◆ Directions for this task ◆
Without the images, repeat every line of the listing exactly.

◆ The data ◆
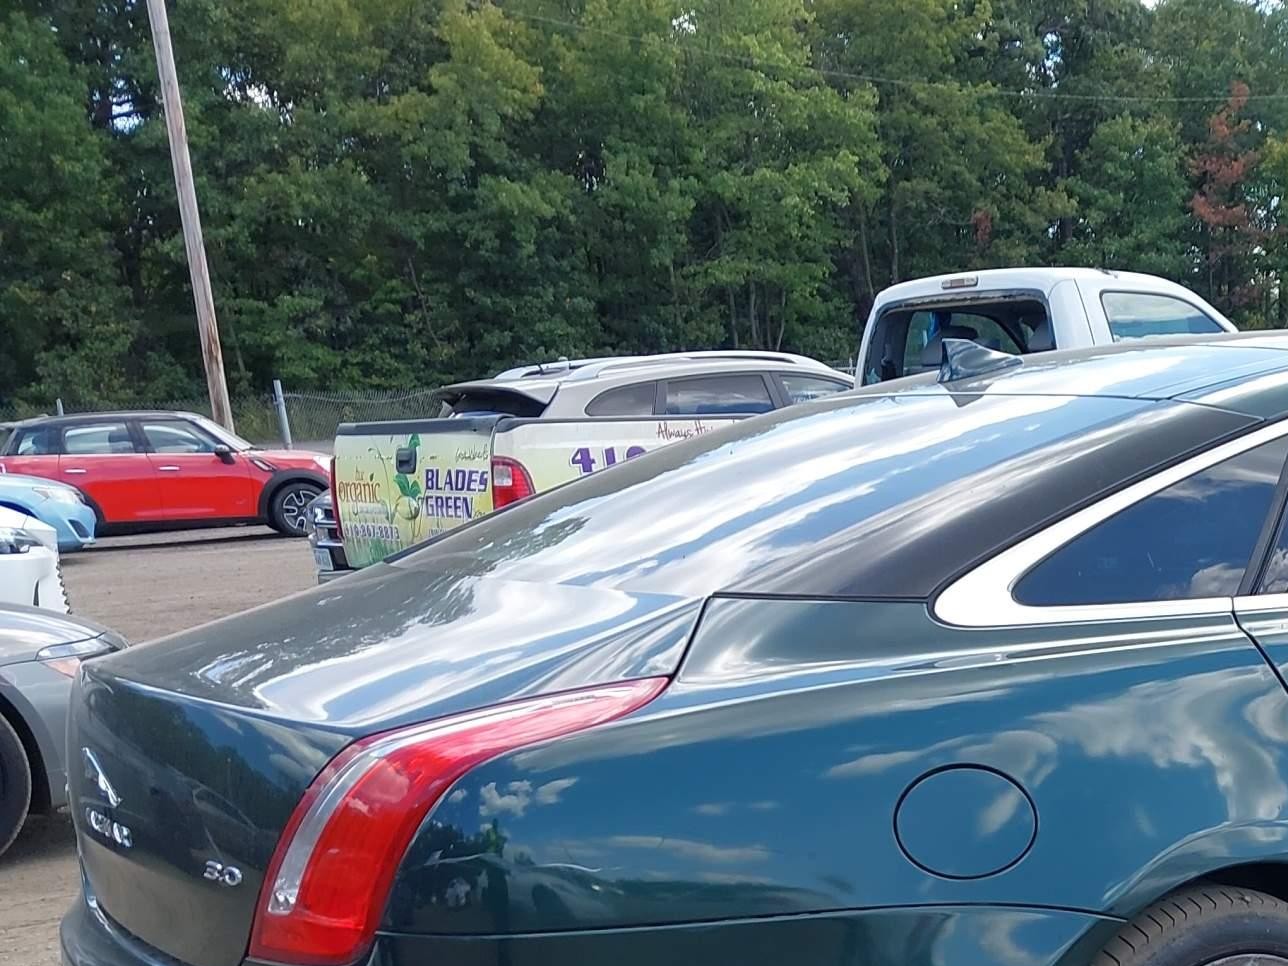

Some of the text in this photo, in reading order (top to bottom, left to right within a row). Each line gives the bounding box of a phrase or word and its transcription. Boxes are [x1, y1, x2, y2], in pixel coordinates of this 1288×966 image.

[656, 421, 694, 440] Always
[425, 468, 489, 492] BLADES
[338, 473, 381, 516] organic
[426, 495, 473, 519] GREEN
[203, 860, 243, 886] 3.0
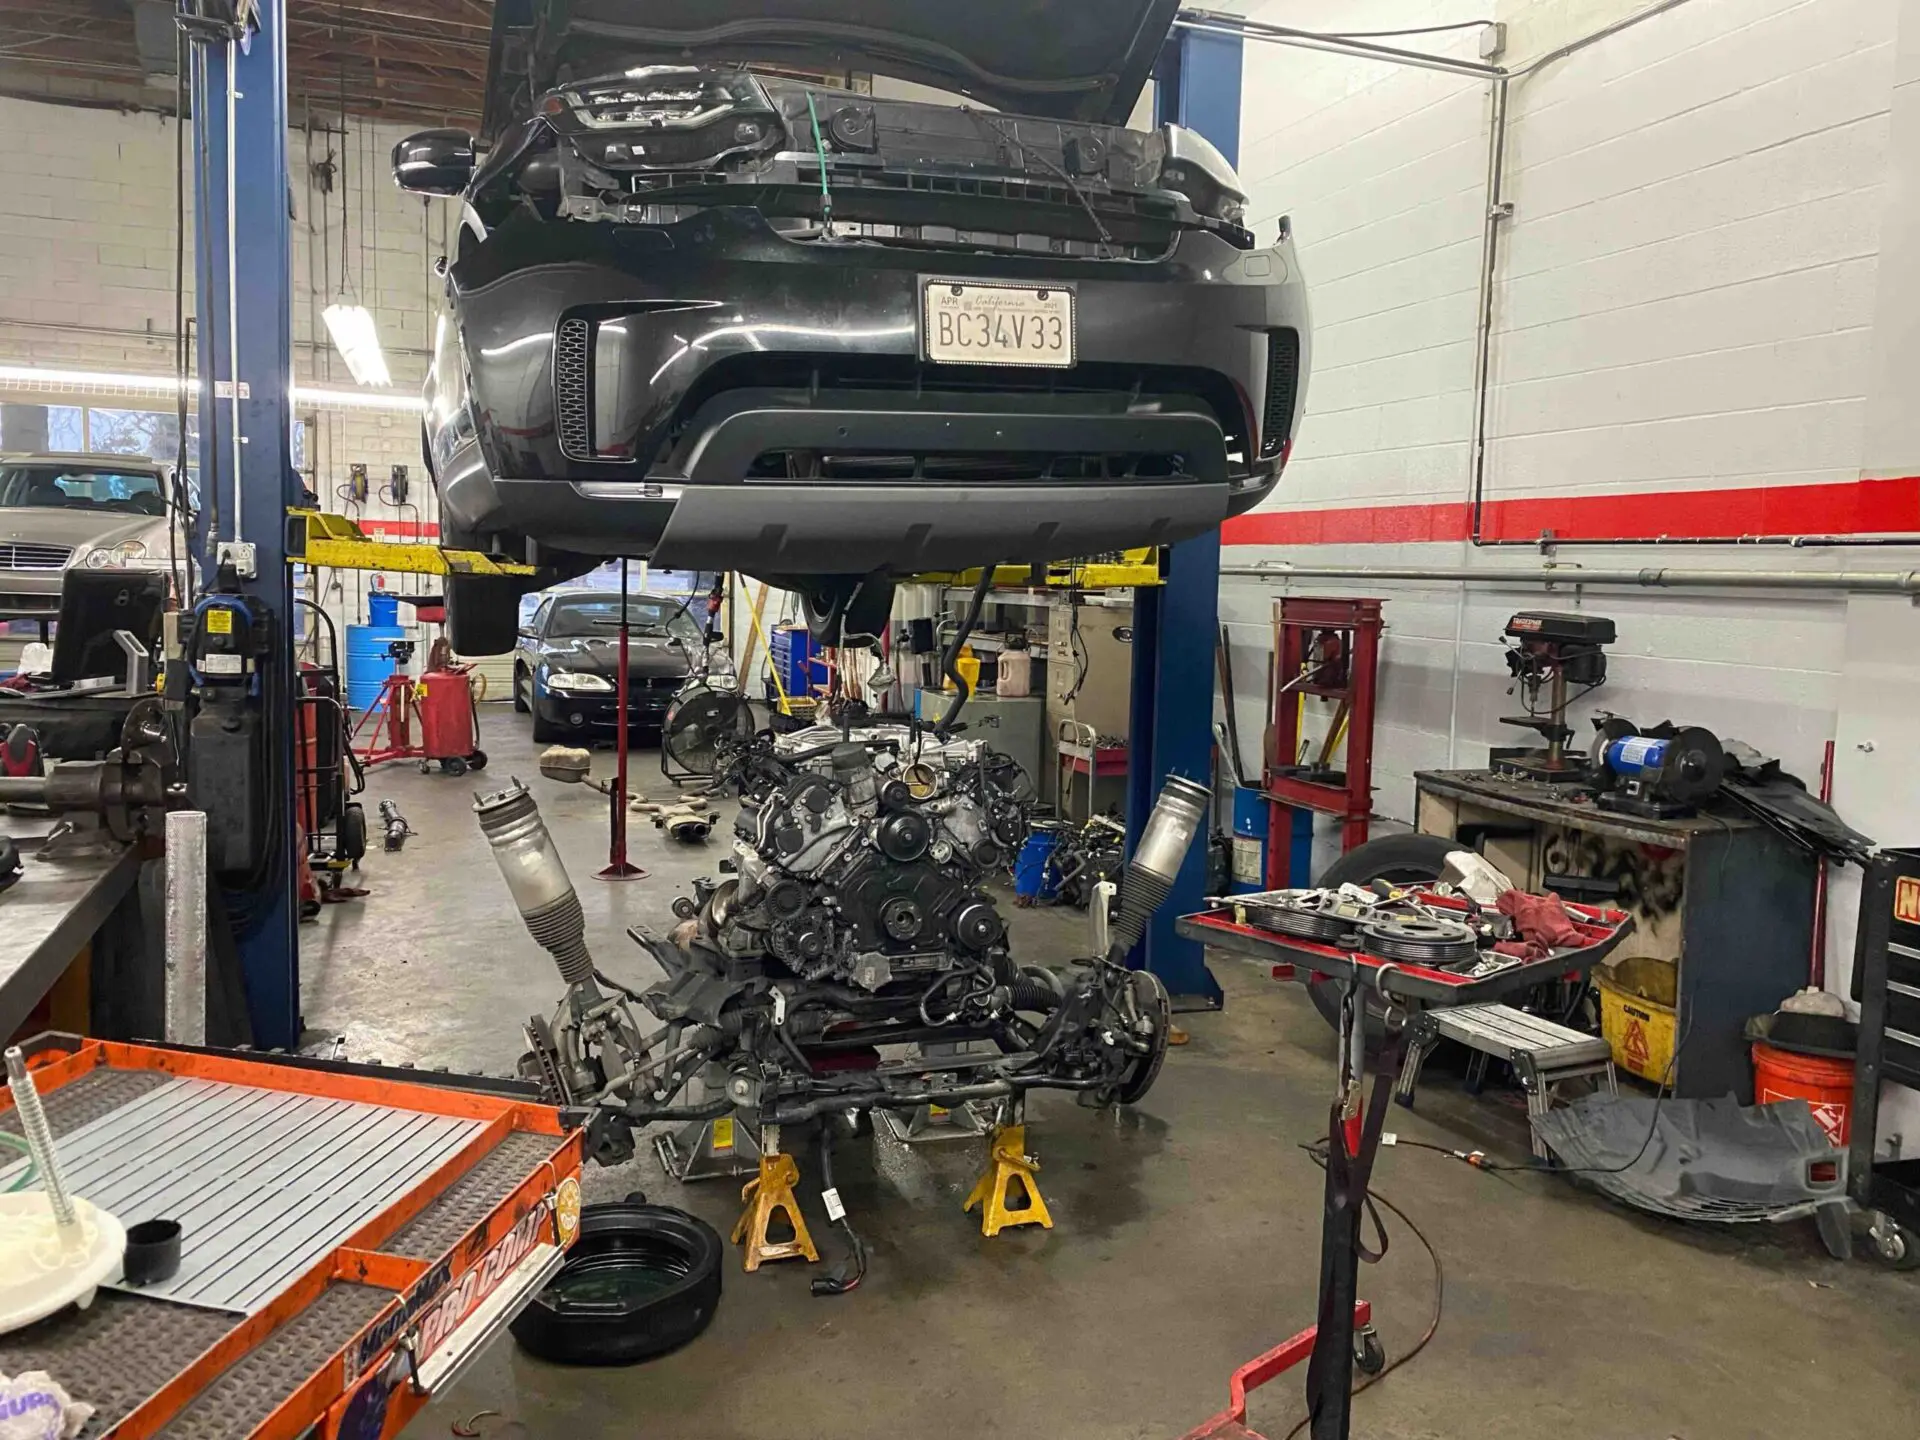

◆ Your solution ◆
Some of the text in this photo, in reading order (top to bottom, left to right within a row). Each line gives the bounding box of a phrase or word and its transcription. Boxes are [x1, y1, x2, y2], in pixel coordinates of this 1288×966 image.

[656, 421, 694, 440] Always
[425, 468, 489, 492] BLADES
[338, 473, 381, 516] organic
[426, 495, 473, 519] GREEN
[203, 860, 243, 886] 3.0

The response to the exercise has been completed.